** DATA SECTION follows **

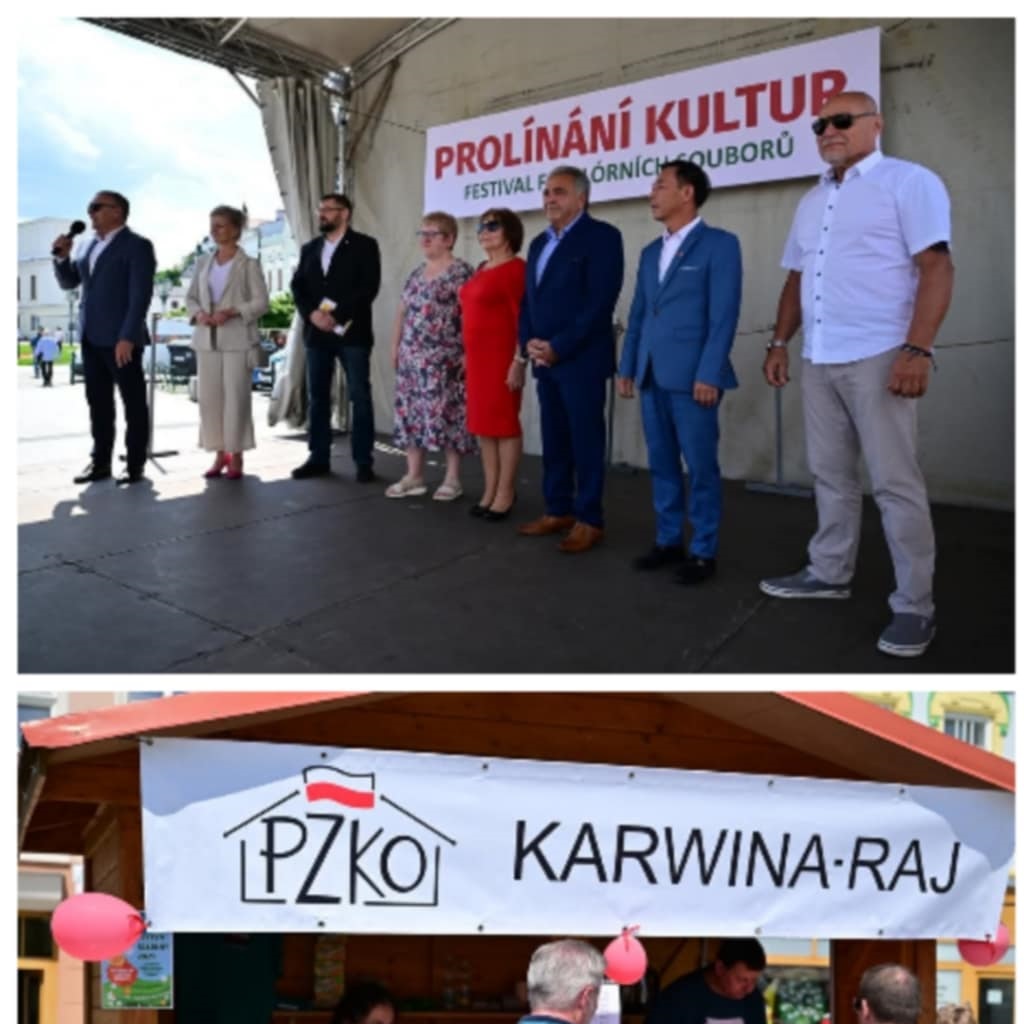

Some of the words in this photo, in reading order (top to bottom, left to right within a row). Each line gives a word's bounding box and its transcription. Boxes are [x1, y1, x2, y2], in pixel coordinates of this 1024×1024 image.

[434, 96, 633, 179] PROLÍNÁNÍ
[645, 69, 848, 145] KULTUR
[464, 174, 534, 200] FESTIVAL
[260, 813, 428, 905] PZKO
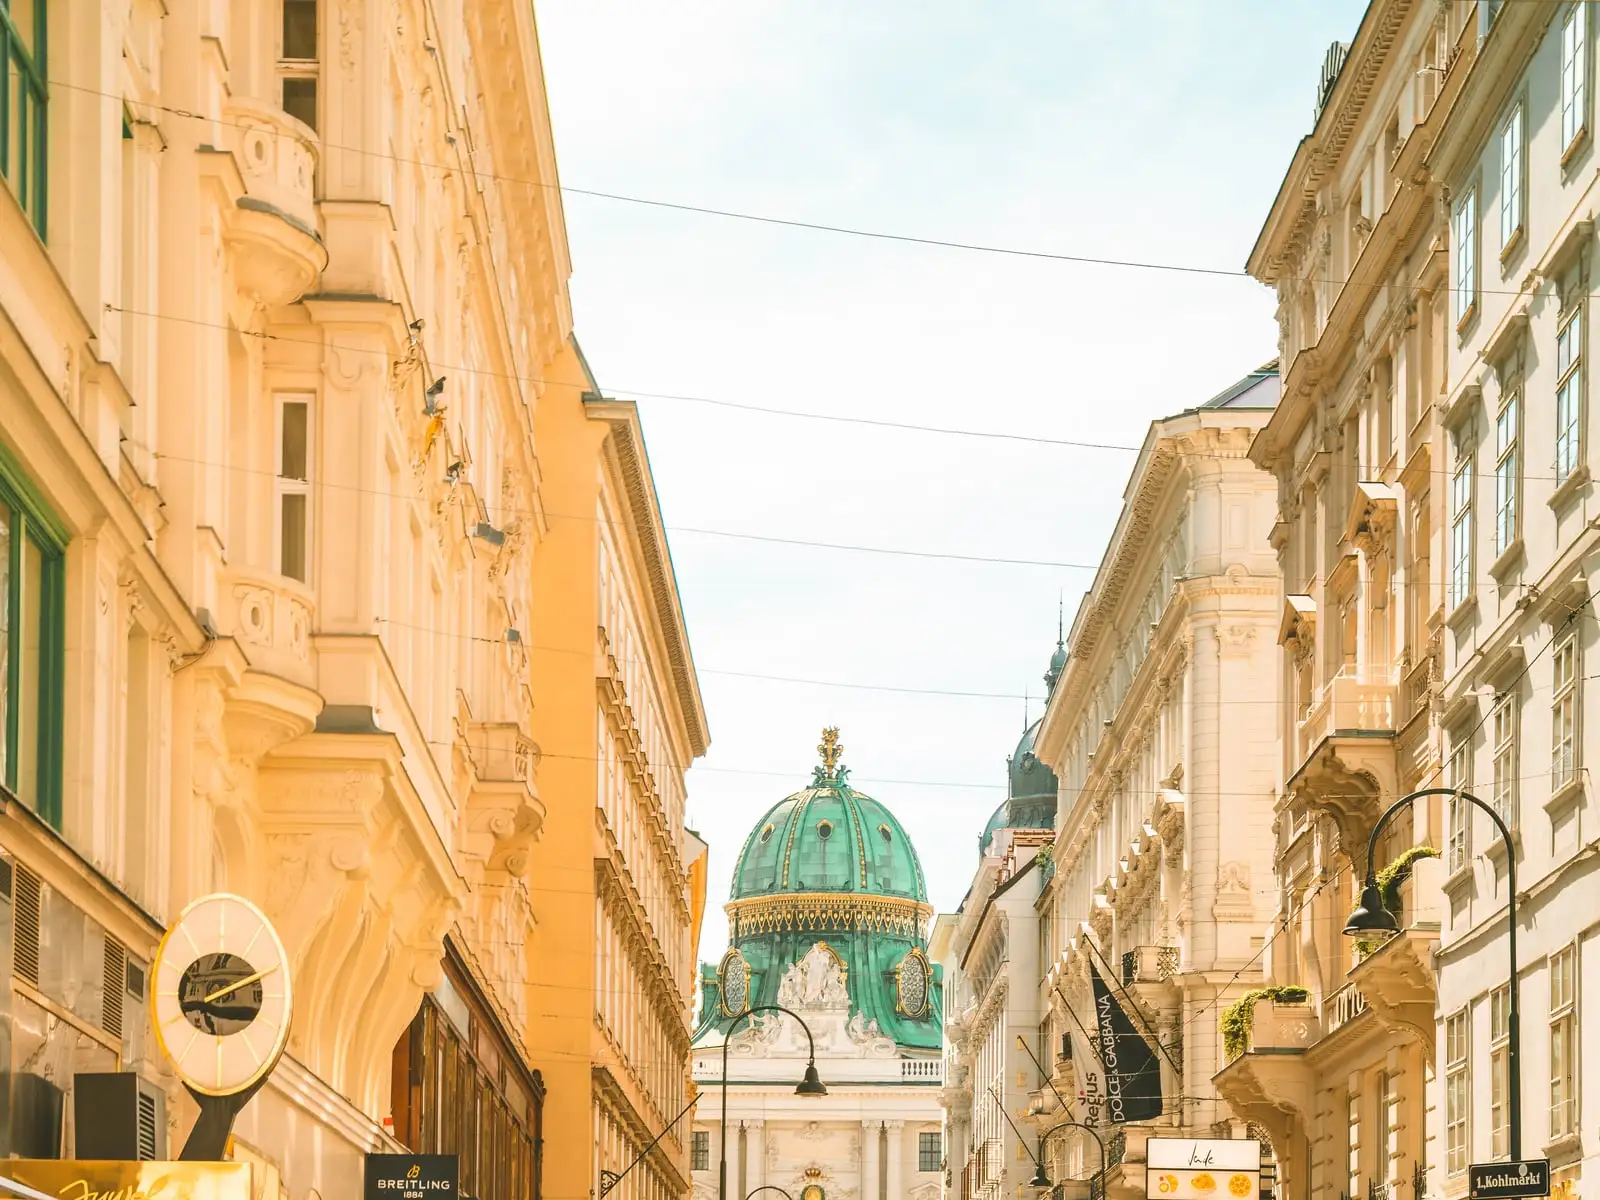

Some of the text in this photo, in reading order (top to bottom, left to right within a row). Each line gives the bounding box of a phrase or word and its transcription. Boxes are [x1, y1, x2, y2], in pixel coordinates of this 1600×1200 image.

[1098, 994, 1117, 1068] GABBANA
[1108, 1075, 1125, 1122] DOLCE
[377, 1179, 450, 1190] BREITLING
[1485, 1171, 1541, 1187] Kohlmarkt
[403, 1191, 424, 1199] 1884
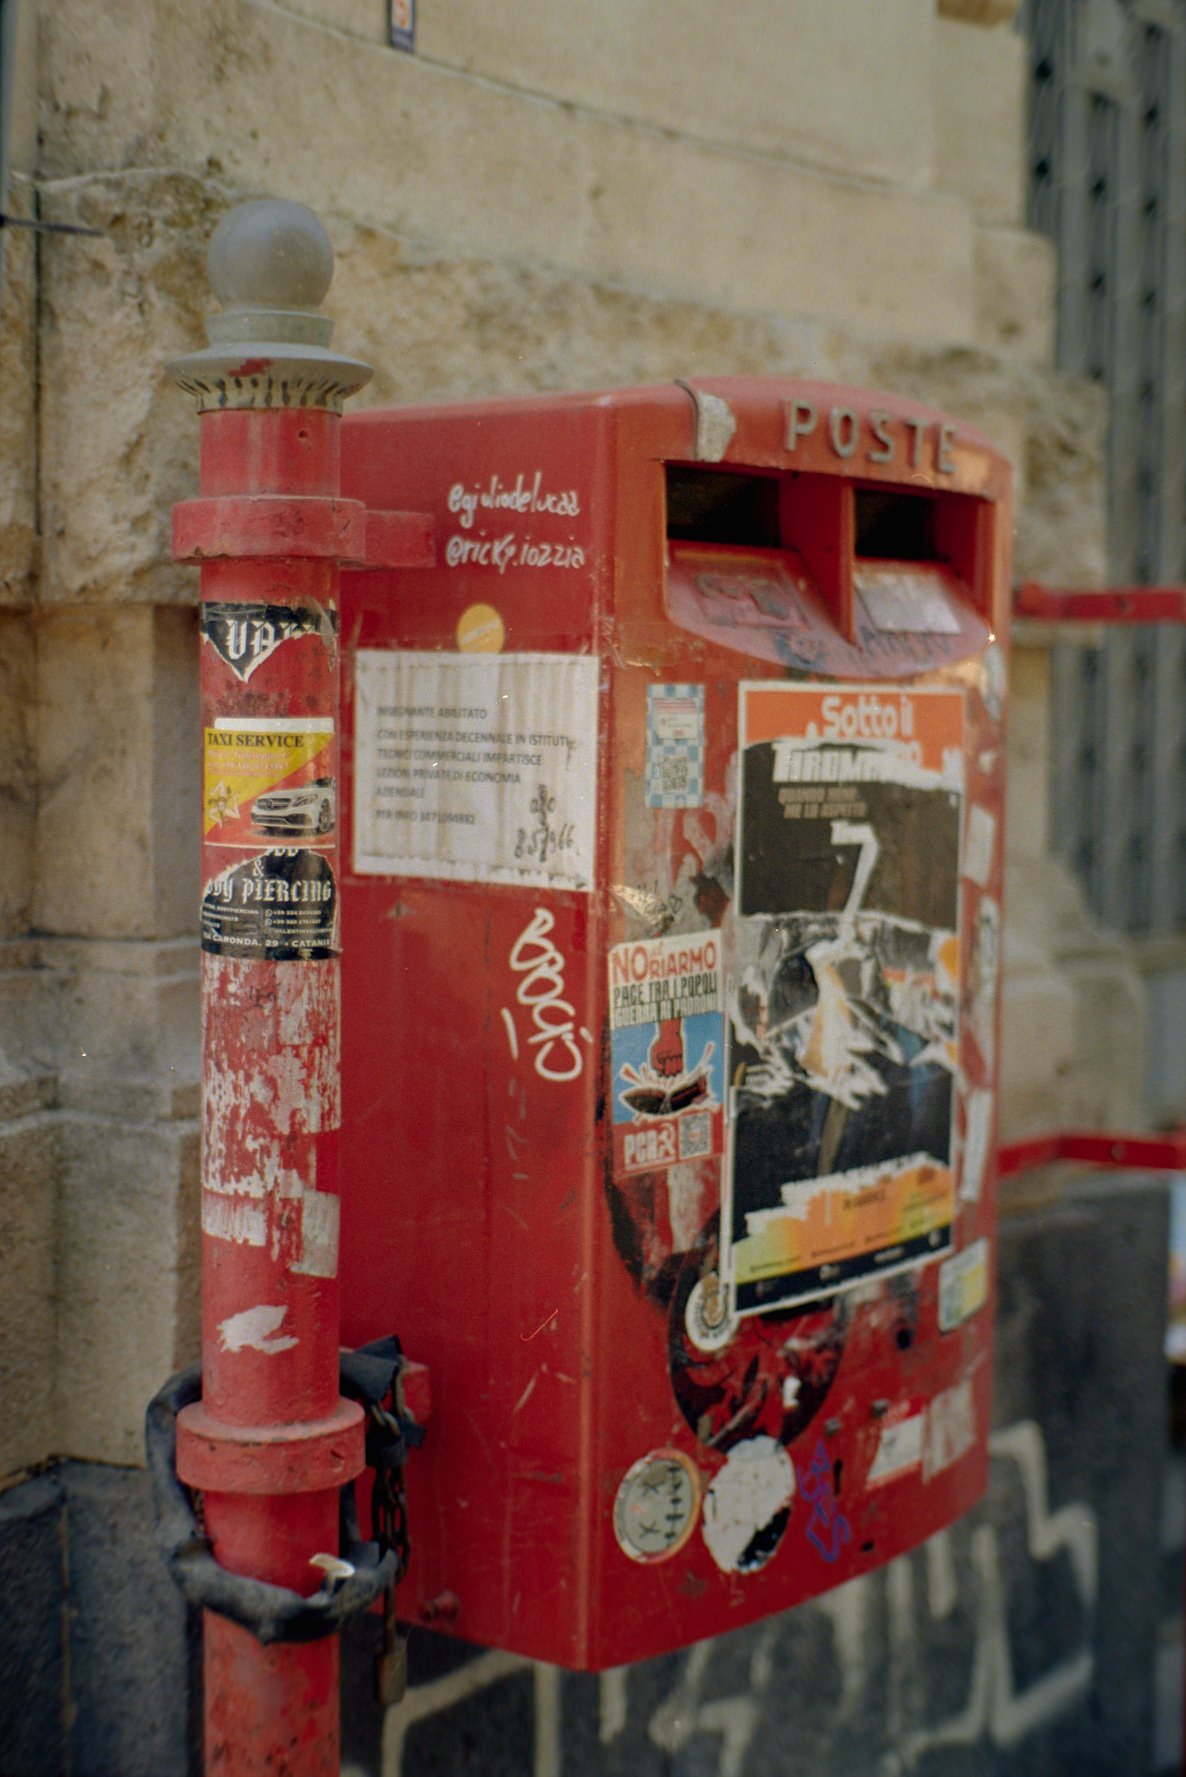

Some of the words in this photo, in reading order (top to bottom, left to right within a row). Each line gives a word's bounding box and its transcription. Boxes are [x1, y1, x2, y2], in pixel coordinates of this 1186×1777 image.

** End of DATA SECTION **

WHAT THIS TASK INVOLVES –
When you retype the data above, match every line exactly and leave the pictures behind.

ANSWER SECTION –
Some of the words in this photo, in reading order (top to bottom, left to right within a row). Each line gives a word's bounding box and its transcription. Boxes are [x1, y1, x2, y2], in pixel coordinates of this 1024×1024 image.

[434, 96, 633, 179] PROLÍNÁNÍ
[645, 69, 848, 145] KULTUR
[464, 174, 534, 200] FESTIVAL
[260, 813, 428, 905] PZKO

Some of the text in this photo, in reading order (top to bottom, left to right within a row). Each line gives the bounding box of a phrase or word and its transcription. Boxes are [x1, y1, x2, y2], in pixel coordinates of this 1600×1200 image.

[1098, 994, 1117, 1068] GABBANA
[1108, 1075, 1125, 1122] DOLCE
[377, 1179, 450, 1190] BREITLING
[1485, 1171, 1541, 1187] Kohlmarkt
[403, 1191, 424, 1199] 1884

Some of the words in this photo, in reading order (top to bottom, left to right within a row). Each line gives a word's bounding box and its transcription. Boxes are [x1, y1, x2, y2], in pixel coordinates of this 1186×1777 image.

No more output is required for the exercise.